*TASK GOAL*.
Each line in the data must be reproduced as written, except for any picture.

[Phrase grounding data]

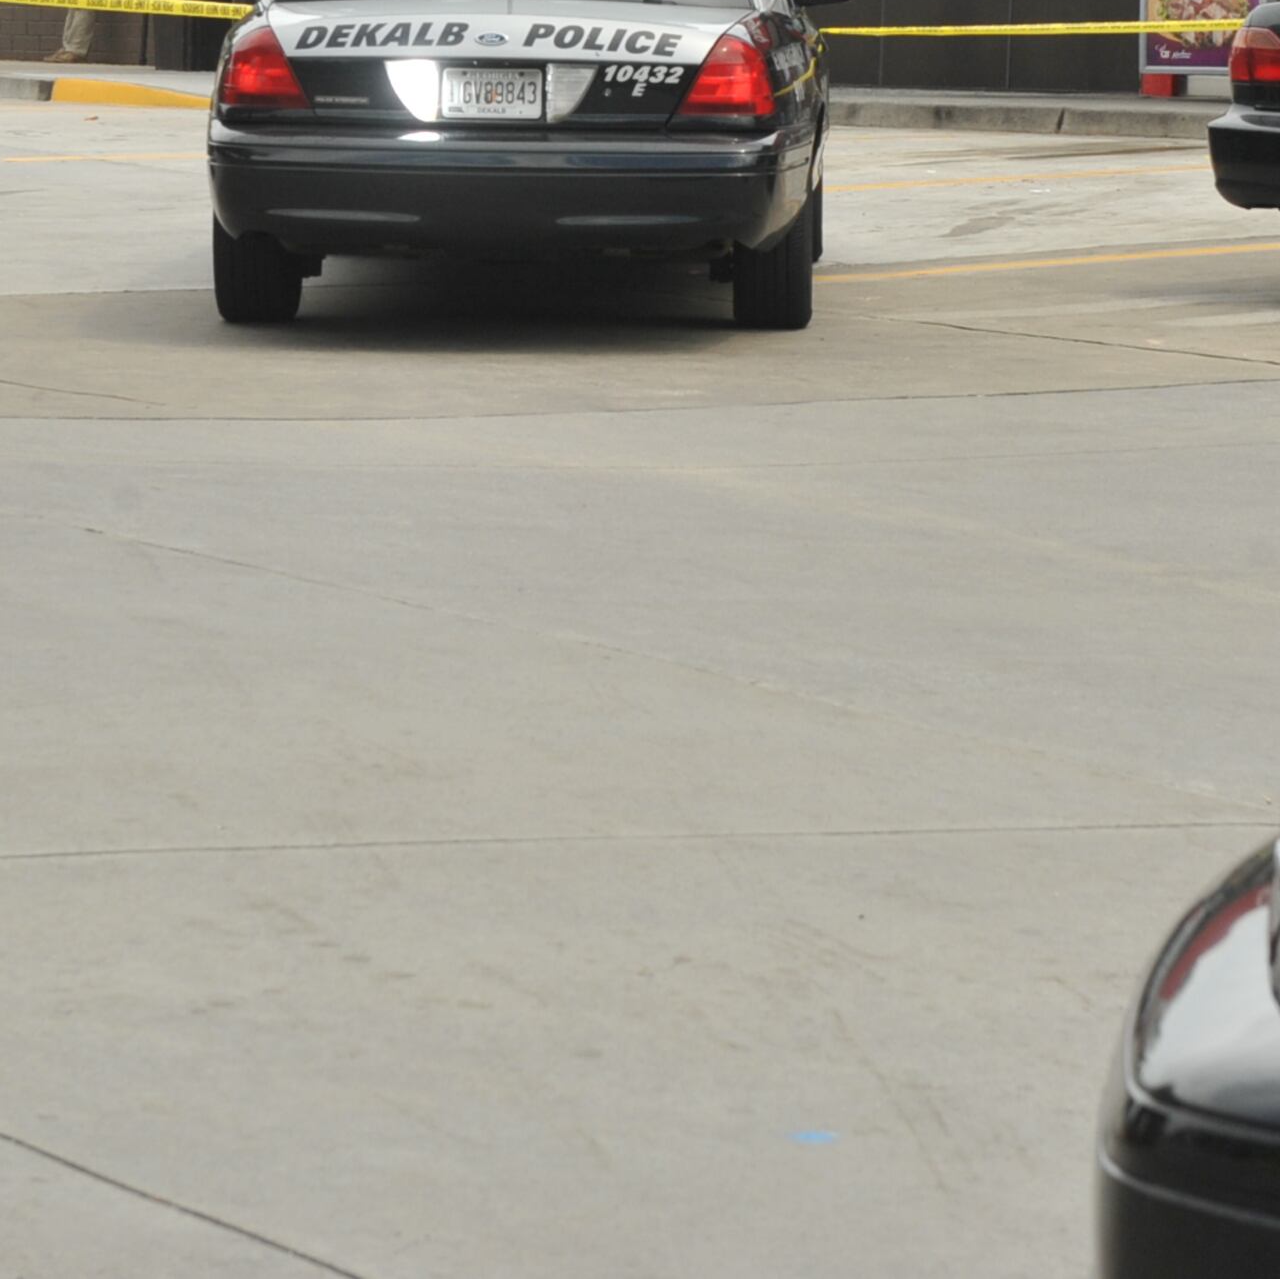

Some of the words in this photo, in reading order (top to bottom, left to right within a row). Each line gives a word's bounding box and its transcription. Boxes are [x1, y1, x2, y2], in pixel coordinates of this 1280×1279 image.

[294, 22, 470, 50] DEKALB
[523, 23, 682, 57] POLICE
[604, 65, 684, 84] 10432
[463, 81, 537, 105] GV89843
[631, 83, 646, 98] E
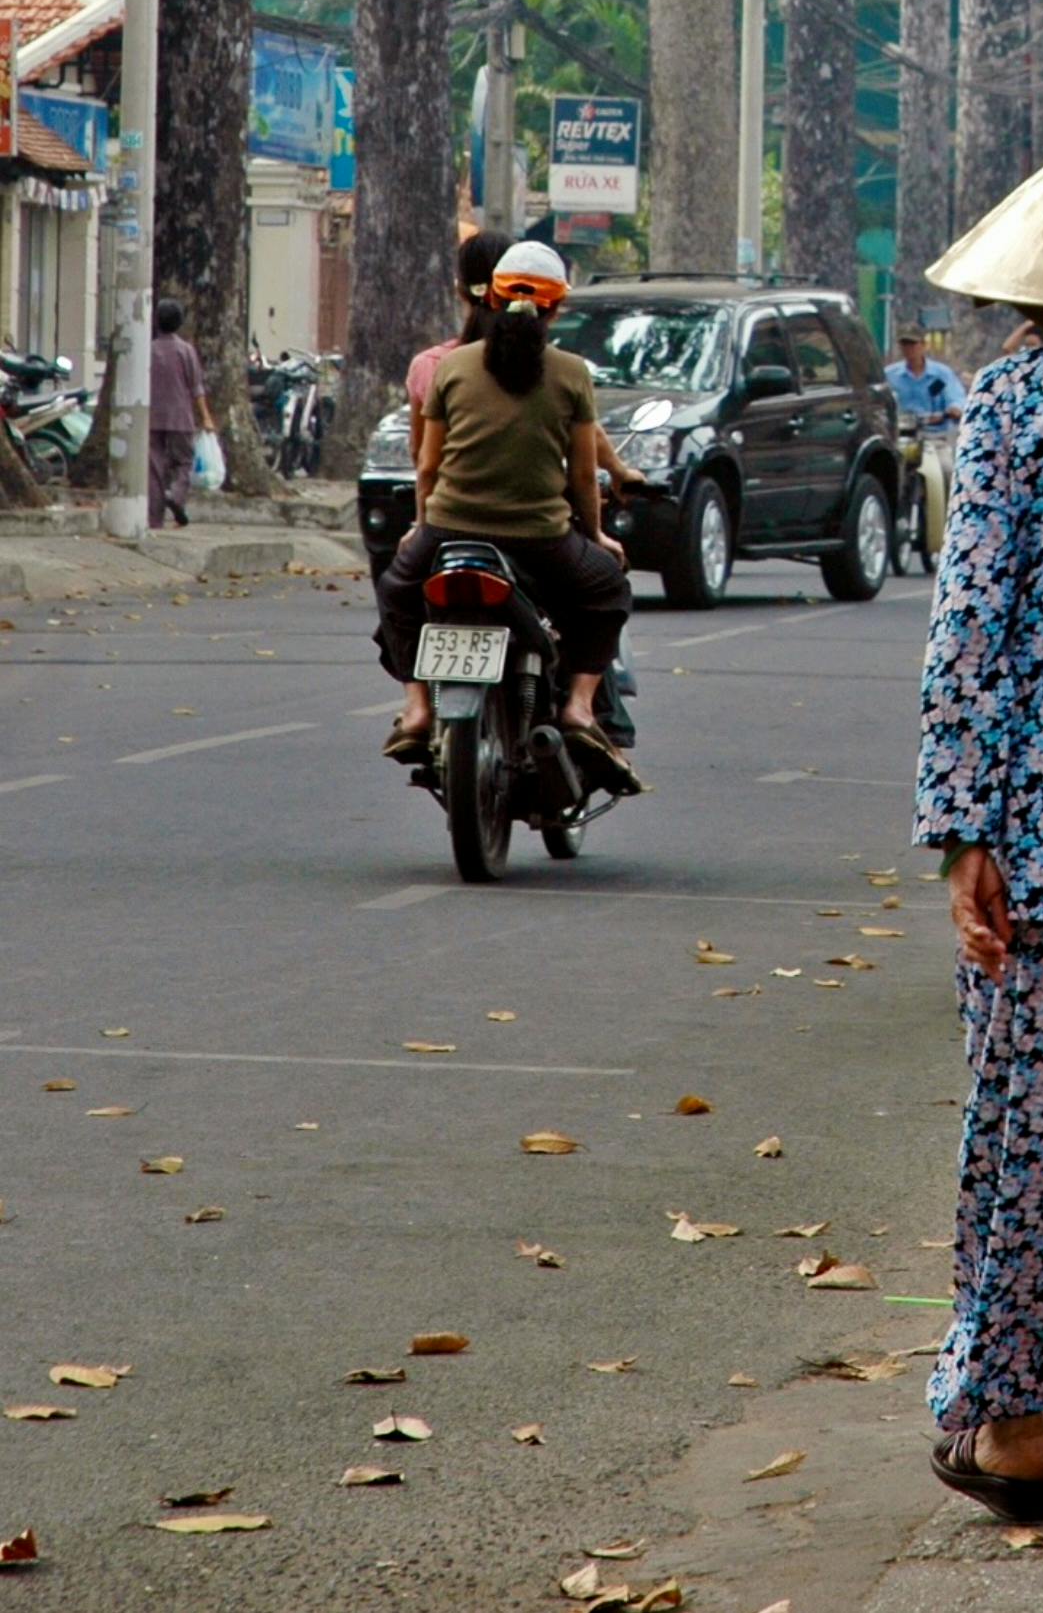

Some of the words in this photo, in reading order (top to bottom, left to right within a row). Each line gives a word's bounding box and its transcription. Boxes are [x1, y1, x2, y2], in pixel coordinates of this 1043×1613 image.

[557, 120, 633, 143] REVTEX
[603, 174, 621, 190] XE
[431, 654, 489, 676] 7767

*WRITTEN ANSWER*.
Some of the words in this photo, in reading order (top to bottom, left to right within a row). Each line gives a word's bounding box and its transcription. Boxes are [x1, y1, x2, y2], in pixel coordinates of this 1280×1279 image.

[294, 22, 470, 50] DEKALB
[523, 23, 682, 57] POLICE
[604, 65, 684, 84] 10432
[463, 81, 537, 105] GV89843
[631, 83, 646, 98] E

Some of the words in this photo, in reading order (top to bottom, left to right within a row). Each line gives a word's bounding box and its transcription. Boxes are [x1, y1, x2, y2], in pixel coordinates of this 1043×1613 image.

[557, 120, 633, 143] REVTEX
[603, 174, 621, 190] XE
[431, 654, 489, 676] 7767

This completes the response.